There’s good news for the economy on the home-buying front.
“Purchase applications increased 9 percent last week – the sixth consecutive weekly increase and a jump of 54 percent since early April,” said Joel Kan, an economist at the Mortgage Bankers Association (MBA). “Additionally, the purchase loan amount has increased steadily in recent weeks and is now at its highest level since mid-March.”
Mortgage applications ticked up 2.7 percent for the week ending May 22 compared to the previous week, as states moved to increase economic activity. The new data comes from the MBA’s Weekly Mortgage Applications Survey.
However, as Kan noted in a prepared statement, although mortgage rates were close to the association’s “all-time survey low, refinance activity was essentially flat, but still 176 percent higher than last year. Conventional refinance applications increased 2 percent, while government refinancing was down almost 7 percent.”
At the state level, New York saw purchase applications rise 19.7 percent as the COVID-19 crisis eased. In California, non-seasonally adjusted home purchase applications rose 11.6 percent.
The survey, which has been conducted weekly since 1990, covers over 75 percent of all U.S. retail residential mortgage applications.
In other homebuying news, sales of new single-family homes were up 0.6 percent in April compared to March, but they fell by 6 percent compared to April 2019, according to the U.S. Census Bureau and the Department of Housing and Urban Development (HUD).

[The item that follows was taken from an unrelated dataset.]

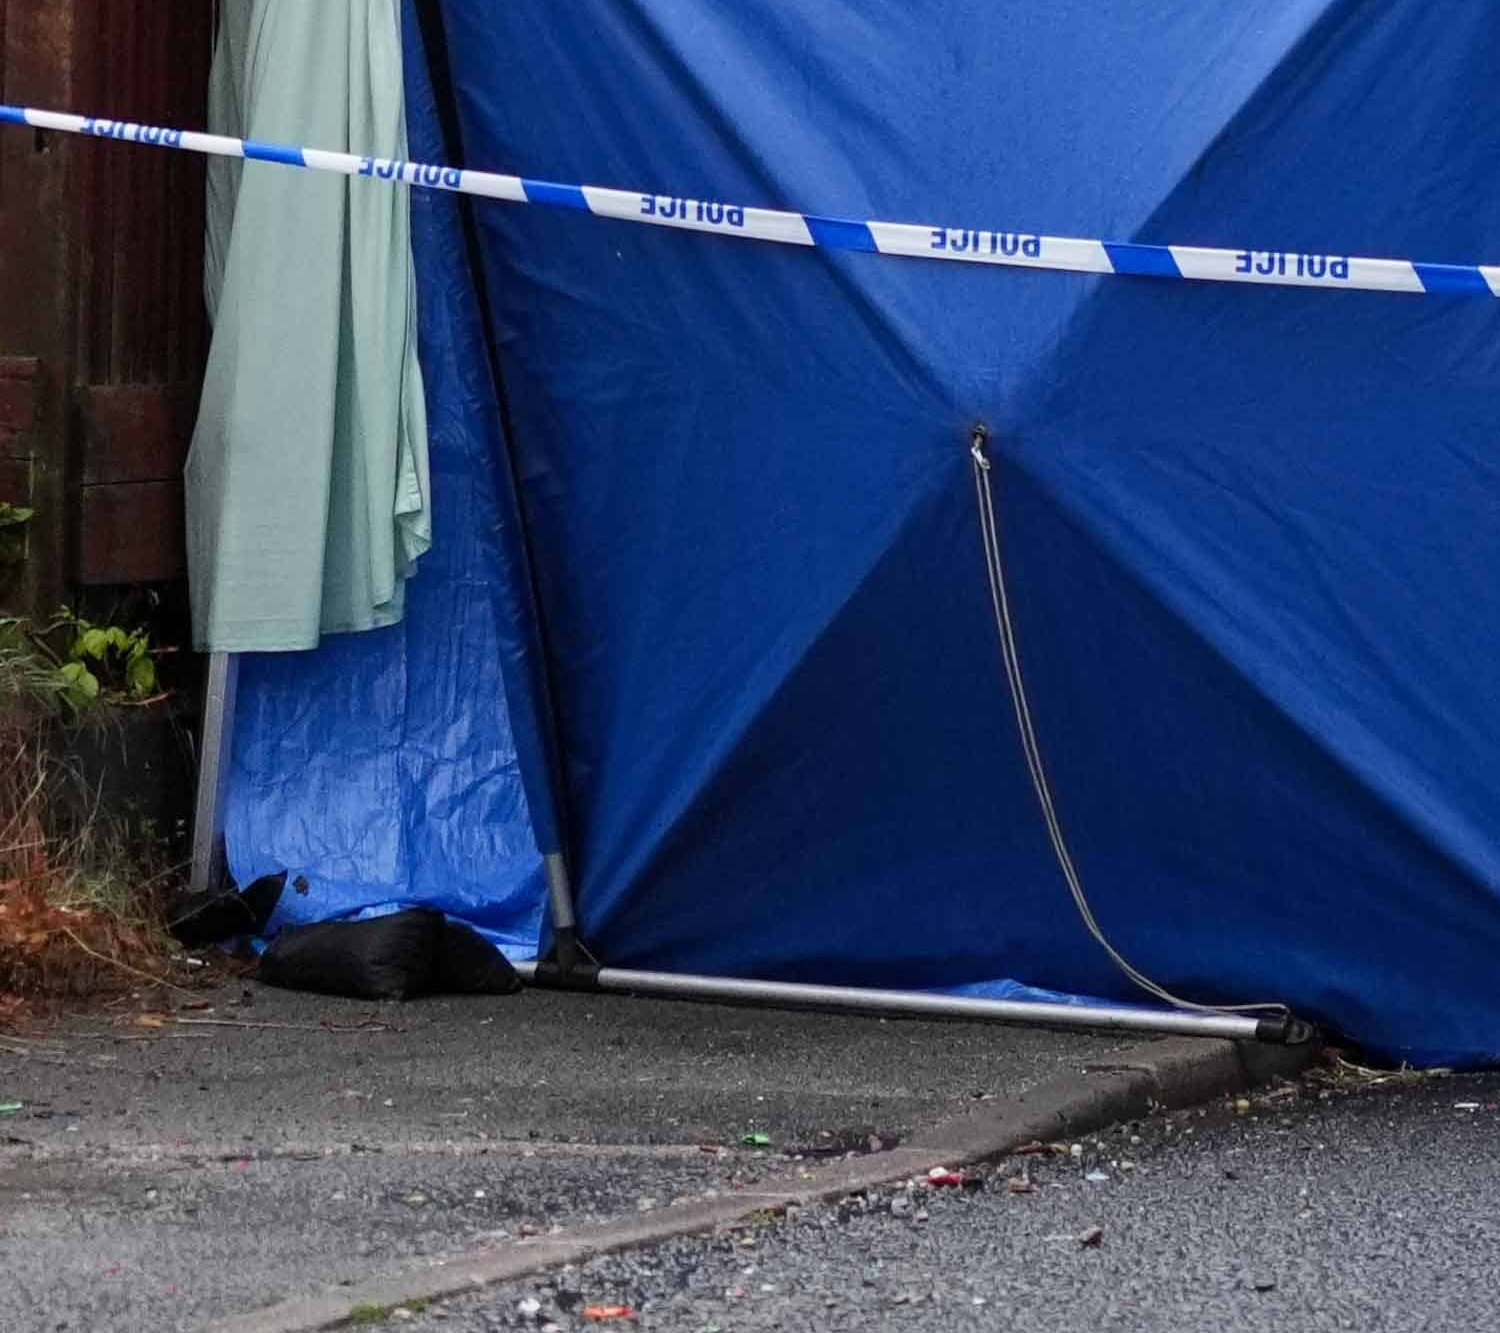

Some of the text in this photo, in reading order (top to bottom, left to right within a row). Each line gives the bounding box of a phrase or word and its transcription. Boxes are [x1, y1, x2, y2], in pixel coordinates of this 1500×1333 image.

[641, 194, 745, 227] POLICE
[930, 227, 1041, 258] POLICE
[1236, 250, 1349, 280] POLICE

One of the big challenges as the U.S. reopens the economy is consumers’ lack of willingness to plunge back into public life. PYMNTS’ ongoing survey of 10,000 consumers shows that many will require a vaccine to alleviate their fears of dying. This will make it difficult for the U.S. economy to recover in the months ahead.
In early March, most consumers measured the duration of the pandemic in terms of weeks, but that has changed radically.